Like most commercial beekeepers in the US, at least half of Arp’s revenue now comes from pollinating almonds. Selling honey is far less lucrative then renting out his colonies to mega-farms in California’s fertile Central Valley, home to 80% of the world’s almond supply.

But as winter approached, with Arp just months away from taking his hives to California, his bees started getting sick. By October, 150 of Arp’s hives had been wiped out by mites, 12% of his inventory in just a few months. “My yard is currently filled with stacks of empty bee boxes that used to contain healthy hives,” he says.

This shouldn’t be happening to someone like Arp, a beekeeper with decades of experience. But his story is not unique.
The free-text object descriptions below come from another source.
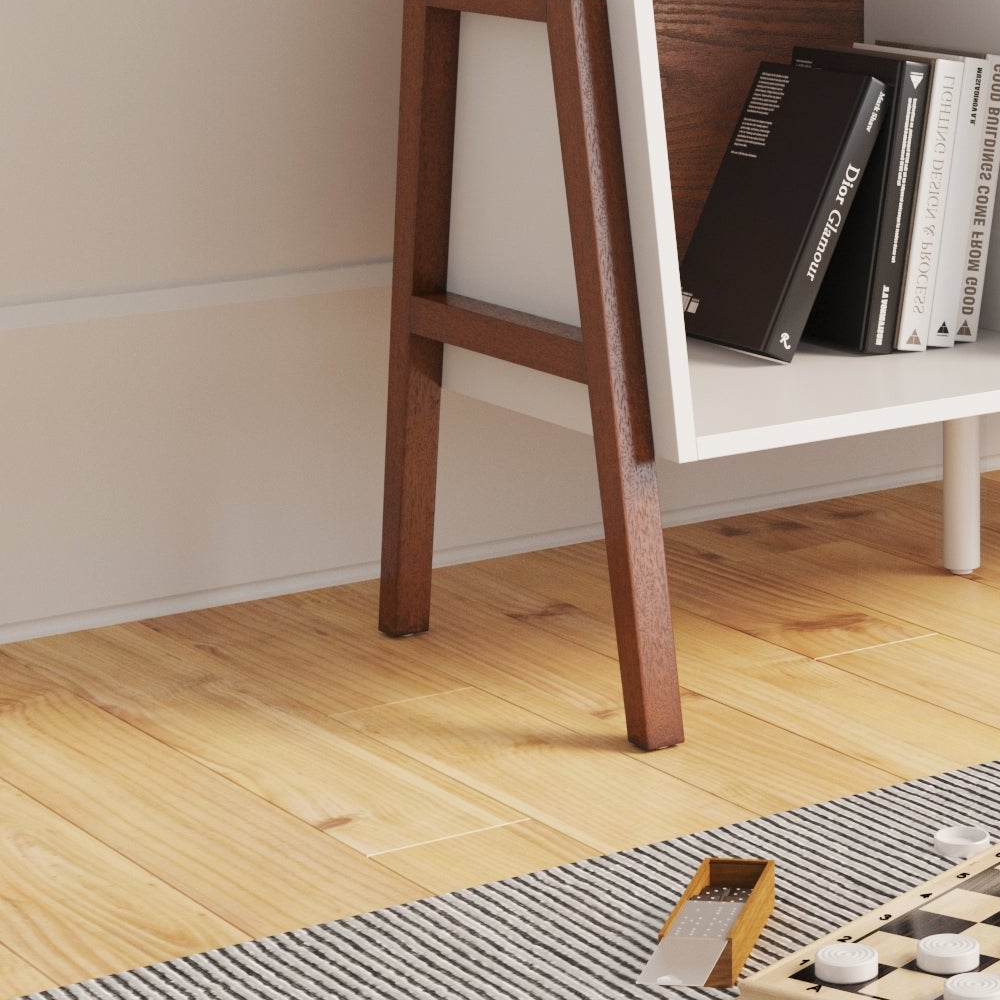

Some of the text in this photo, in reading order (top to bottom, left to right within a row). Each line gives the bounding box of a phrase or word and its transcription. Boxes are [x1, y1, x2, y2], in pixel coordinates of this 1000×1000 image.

[865, 91, 886, 133] Mark Shaw
[806, 163, 861, 282] Dior Glamour
[879, 913, 892, 921] 3
[836, 935, 853, 943] 2
[805, 984, 822, 993] A
Commercial beekeepers who send their hives to the almond farms are seeing their bees die in record numbers, and nothing they do seems to stop the decline.

A recent survey of commercial beekeepers showed that 50 billion bees – more than seven times the world’s human population – were wiped out in a few months during winter 2018-19. This is more than one-third of commercial US bee colonies, the highest number since the annual survey started in the mid-2000s.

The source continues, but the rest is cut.